#### AIM OF THE EXERCISE
The records that follow must all be duplicated exactly.

#### WORKING DATA
= = = = =

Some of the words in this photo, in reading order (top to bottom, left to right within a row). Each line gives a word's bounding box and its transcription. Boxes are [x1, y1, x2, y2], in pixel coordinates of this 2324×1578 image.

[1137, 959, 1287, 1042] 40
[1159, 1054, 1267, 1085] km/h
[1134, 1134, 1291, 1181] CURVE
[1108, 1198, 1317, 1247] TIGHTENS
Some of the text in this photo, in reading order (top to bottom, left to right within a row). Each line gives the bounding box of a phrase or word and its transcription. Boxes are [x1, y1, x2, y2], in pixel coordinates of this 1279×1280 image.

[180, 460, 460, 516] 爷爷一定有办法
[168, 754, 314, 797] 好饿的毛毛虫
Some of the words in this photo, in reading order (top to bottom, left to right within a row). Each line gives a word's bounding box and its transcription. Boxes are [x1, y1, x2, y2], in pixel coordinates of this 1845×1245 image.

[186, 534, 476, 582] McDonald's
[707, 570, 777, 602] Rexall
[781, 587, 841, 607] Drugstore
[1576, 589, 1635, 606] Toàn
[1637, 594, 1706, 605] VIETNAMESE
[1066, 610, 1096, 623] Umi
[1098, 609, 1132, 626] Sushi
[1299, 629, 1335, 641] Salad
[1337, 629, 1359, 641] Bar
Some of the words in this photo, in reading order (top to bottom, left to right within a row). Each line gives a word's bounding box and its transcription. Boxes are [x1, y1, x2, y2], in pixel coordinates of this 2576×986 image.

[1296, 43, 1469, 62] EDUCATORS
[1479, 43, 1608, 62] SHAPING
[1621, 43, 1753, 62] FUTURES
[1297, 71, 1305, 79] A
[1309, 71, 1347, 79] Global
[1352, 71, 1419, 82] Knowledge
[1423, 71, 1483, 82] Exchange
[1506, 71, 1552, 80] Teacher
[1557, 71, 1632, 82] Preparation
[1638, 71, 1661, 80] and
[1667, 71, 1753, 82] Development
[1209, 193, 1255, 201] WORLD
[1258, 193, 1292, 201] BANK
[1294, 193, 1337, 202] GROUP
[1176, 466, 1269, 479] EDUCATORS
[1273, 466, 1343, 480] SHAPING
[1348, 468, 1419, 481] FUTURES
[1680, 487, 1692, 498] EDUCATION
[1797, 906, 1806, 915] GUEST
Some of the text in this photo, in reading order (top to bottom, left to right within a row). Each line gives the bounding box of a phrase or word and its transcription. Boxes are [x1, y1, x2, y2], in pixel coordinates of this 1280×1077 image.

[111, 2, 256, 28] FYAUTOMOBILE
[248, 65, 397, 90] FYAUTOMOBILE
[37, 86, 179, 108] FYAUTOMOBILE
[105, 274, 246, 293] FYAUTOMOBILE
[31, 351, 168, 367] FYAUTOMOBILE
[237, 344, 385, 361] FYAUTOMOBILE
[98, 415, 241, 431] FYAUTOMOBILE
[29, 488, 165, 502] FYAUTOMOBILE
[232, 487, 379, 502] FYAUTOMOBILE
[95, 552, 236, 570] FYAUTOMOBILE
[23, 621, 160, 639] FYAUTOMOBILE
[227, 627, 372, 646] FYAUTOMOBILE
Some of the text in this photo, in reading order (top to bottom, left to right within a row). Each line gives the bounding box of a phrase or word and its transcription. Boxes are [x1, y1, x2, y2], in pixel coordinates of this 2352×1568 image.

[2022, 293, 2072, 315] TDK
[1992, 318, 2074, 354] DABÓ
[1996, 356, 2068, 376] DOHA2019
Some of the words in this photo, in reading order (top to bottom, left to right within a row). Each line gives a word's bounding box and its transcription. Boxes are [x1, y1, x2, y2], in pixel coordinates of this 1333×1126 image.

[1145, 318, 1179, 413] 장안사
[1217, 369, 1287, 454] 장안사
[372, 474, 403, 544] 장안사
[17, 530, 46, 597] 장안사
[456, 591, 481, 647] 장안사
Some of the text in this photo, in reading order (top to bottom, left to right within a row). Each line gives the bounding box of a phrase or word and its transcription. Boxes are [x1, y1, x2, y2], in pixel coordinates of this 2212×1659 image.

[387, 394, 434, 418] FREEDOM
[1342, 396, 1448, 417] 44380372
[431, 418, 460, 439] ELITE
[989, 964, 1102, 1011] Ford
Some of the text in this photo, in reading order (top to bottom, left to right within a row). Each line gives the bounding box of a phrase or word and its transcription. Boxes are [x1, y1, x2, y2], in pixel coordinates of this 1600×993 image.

= = = = =

#### RESPONSE
Some of the words in this photo, in reading order (top to bottom, left to right within a row). Each line gives a word's bounding box and its transcription. Boxes are [x1, y1, x2, y2], in pixel coordinates of this 2324×1578 image.

[1137, 959, 1287, 1042] 40
[1159, 1054, 1267, 1085] km/h
[1134, 1134, 1291, 1181] CURVE
[1108, 1198, 1317, 1247] TIGHTENS
Some of the text in this photo, in reading order (top to bottom, left to right within a row). Each line gives the bounding box of a phrase or word and its transcription. Boxes are [x1, y1, x2, y2], in pixel coordinates of this 1279×1280 image.

[180, 460, 460, 516] 爷爷一定有办法
[168, 754, 314, 797] 好饿的毛毛虫
Some of the words in this photo, in reading order (top to bottom, left to right within a row). Each line gives a word's bounding box and its transcription. Boxes are [x1, y1, x2, y2], in pixel coordinates of this 1845×1245 image.

[186, 534, 476, 582] McDonald's
[707, 570, 777, 602] Rexall
[781, 587, 841, 607] Drugstore
[1576, 589, 1635, 606] Toàn
[1637, 594, 1706, 605] VIETNAMESE
[1066, 610, 1096, 623] Umi
[1098, 609, 1132, 626] Sushi
[1299, 629, 1335, 641] Salad
[1337, 629, 1359, 641] Bar
Some of the words in this photo, in reading order (top to bottom, left to right within a row). Each line gives a word's bounding box and its transcription. Boxes are [x1, y1, x2, y2], in pixel coordinates of this 2576×986 image.

[1296, 43, 1469, 62] EDUCATORS
[1479, 43, 1608, 62] SHAPING
[1621, 43, 1753, 62] FUTURES
[1297, 71, 1305, 79] A
[1309, 71, 1347, 79] Global
[1352, 71, 1419, 82] Knowledge
[1423, 71, 1483, 82] Exchange
[1506, 71, 1552, 80] Teacher
[1557, 71, 1632, 82] Preparation
[1638, 71, 1661, 80] and
[1667, 71, 1753, 82] Development
[1209, 193, 1255, 201] WORLD
[1258, 193, 1292, 201] BANK
[1294, 193, 1337, 202] GROUP
[1176, 466, 1269, 479] EDUCATORS
[1273, 466, 1343, 480] SHAPING
[1348, 468, 1419, 481] FUTURES
[1680, 487, 1692, 498] EDUCATION
[1797, 906, 1806, 915] GUEST
Some of the text in this photo, in reading order (top to bottom, left to right within a row). Each line gives the bounding box of a phrase or word and its transcription. Boxes are [x1, y1, x2, y2], in pixel coordinates of this 1280×1077 image.

[111, 2, 256, 28] FYAUTOMOBILE
[248, 65, 397, 90] FYAUTOMOBILE
[37, 86, 179, 108] FYAUTOMOBILE
[105, 274, 246, 293] FYAUTOMOBILE
[31, 351, 168, 367] FYAUTOMOBILE
[237, 344, 385, 361] FYAUTOMOBILE
[98, 415, 241, 431] FYAUTOMOBILE
[29, 488, 165, 502] FYAUTOMOBILE
[232, 487, 379, 502] FYAUTOMOBILE
[95, 552, 236, 570] FYAUTOMOBILE
[23, 621, 160, 639] FYAUTOMOBILE
[227, 627, 372, 646] FYAUTOMOBILE
Some of the text in this photo, in reading order (top to bottom, left to right within a row). Each line gives the bounding box of a phrase or word and its transcription. Boxes are [x1, y1, x2, y2], in pixel coordinates of this 2352×1568 image.

[2022, 293, 2072, 315] TDK
[1992, 318, 2074, 354] DABÓ
[1996, 356, 2068, 376] DOHA2019
Some of the words in this photo, in reading order (top to bottom, left to right within a row). Each line gives a word's bounding box and its transcription. Boxes are [x1, y1, x2, y2], in pixel coordinates of this 1333×1126 image.

[1145, 318, 1179, 413] 장안사
[1217, 369, 1287, 454] 장안사
[372, 474, 403, 544] 장안사
[17, 530, 46, 597] 장안사
[456, 591, 481, 647] 장안사
Some of the text in this photo, in reading order (top to bottom, left to right within a row). Each line gives the bounding box of a phrase or word and its transcription. Boxes are [x1, y1, x2, y2], in pixel coordinates of this 2212×1659 image.

[387, 394, 434, 418] FREEDOM
[1342, 396, 1448, 417] 44380372
[431, 418, 460, 439] ELITE
[989, 964, 1102, 1011] Ford
Some of the text in this photo, in reading order (top to bottom, left to right within a row). Each line gives the bounding box of a phrase or word and its transcription. Boxes are [x1, y1, x2, y2], in pixel coordinates of this 1600×993 image.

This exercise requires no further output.